Я лег в постель и слушал в темноте, как дождь барабанит по железной крыше флигеля – так яростно, как будто рвет узы, что удерживают меня на земле. Ночью снились бестолковые сны. Какие-то мужики затеяли со мной драку. А проснулся утром – и ты меня встретила из сна. И я забыл обо всех мужиках-крестьянах, с которыми хотел драться, потому что у меня от них не убегалось. Но когда я увидел тебя, то обо всех забыл.
Целую тебя крепко, дорогая.
Твой Саша».
Весна восемнадцатого года принесла зыбкую надежду, что скоро настанет время отдыха и можно будет отложить горячую винтовку, хватит шашкой-то махать, дел столько – подумать страшно! Да тут и там враги революции стягивают силы.
По Москве ползли тревожные слухи – дескать, Петербург уже взят немцами, очередь за Москвой, яснее ясного, русских станут отправлять на фронт воевать против союзников. Или – что союзники, столковавшись с немцами, возьмутся навести порядок в России. Третьи подпускали турусы на колесах: мол, еще немного, и белокрылая монархия, словно огненная птица феникс, воспрянет из праха.
Отец Иоанн Восторгов, настоятель Покровского собора, на ежедневных молебнах пред честными мощами убиенного святого младенца Гавриила Белостокского звал православный мир на священный бой за веру и Церковь. Демократы и социалисты пытались воскресить Учредительное собрание, кадеты, меньшевики, анархисты, правые и левые эсеры формировали повстанческие дружины.

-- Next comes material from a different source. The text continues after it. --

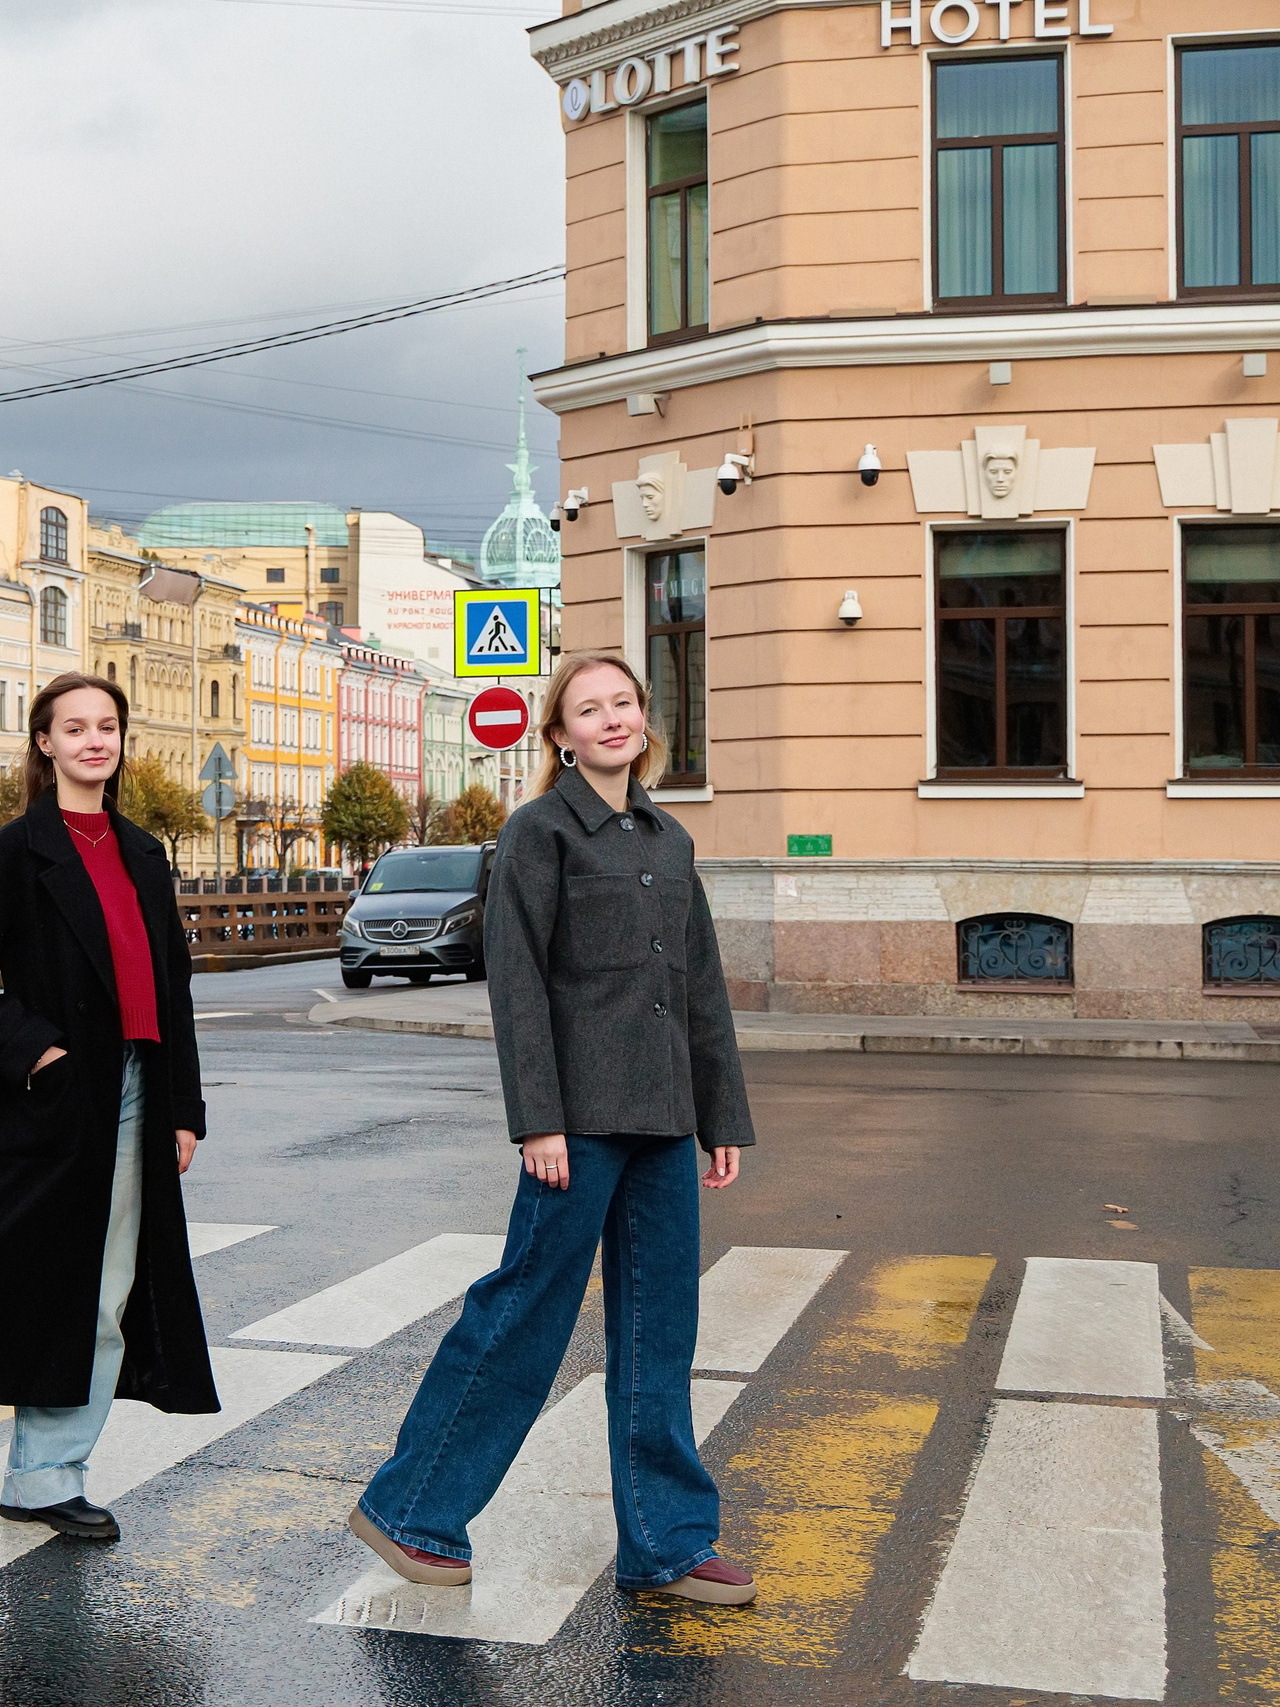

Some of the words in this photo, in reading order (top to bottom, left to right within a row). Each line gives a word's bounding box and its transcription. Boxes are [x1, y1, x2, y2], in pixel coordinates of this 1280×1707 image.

Украину захватили немцы, атаман Краснов успешно продвигался к Царицыну, генералы Корнилов и Алексеев с Добровольческой армией выступили в «Ледяной» поход на Кубань, атаман Дутов занял Оренбург, японцы высадились на Дальнем Востоке…

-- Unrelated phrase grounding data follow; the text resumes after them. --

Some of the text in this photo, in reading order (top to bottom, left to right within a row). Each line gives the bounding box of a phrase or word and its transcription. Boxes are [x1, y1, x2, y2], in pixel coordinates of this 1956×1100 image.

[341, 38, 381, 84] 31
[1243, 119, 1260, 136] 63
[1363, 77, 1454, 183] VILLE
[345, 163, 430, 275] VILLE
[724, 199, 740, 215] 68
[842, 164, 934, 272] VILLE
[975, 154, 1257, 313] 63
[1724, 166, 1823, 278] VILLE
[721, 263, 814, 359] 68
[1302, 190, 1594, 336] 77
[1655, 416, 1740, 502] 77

…И снег, снег, лужи, сырость, стынь. Процветают грабежи среди бела дня, мятежи, поджоги, разбойничьи притоны, сплошь и рядом выстрелы нарушают ночную тишину… Мириады форм жизни – демоны, гермесы, чудотворцы, геркулесы на распутье, ироды, лукумоны и валтасары, ожившие покойники, эмпедоклы, готовые броситься в жерло вулкана, рыцари тьмы и насилия всех мастей, никем не узнанные, свободно разгуливали по Москве среди мещан, зубров, ястребов и агнцев. За всей этой неразберихой, под штормовой прибой огромнейшего океана сансары, наполненного водой представлений, наблюдали боги с небес, вмешиваясь в дела живущих и противоборствуя разного рода исполинам, карликам и чудищам.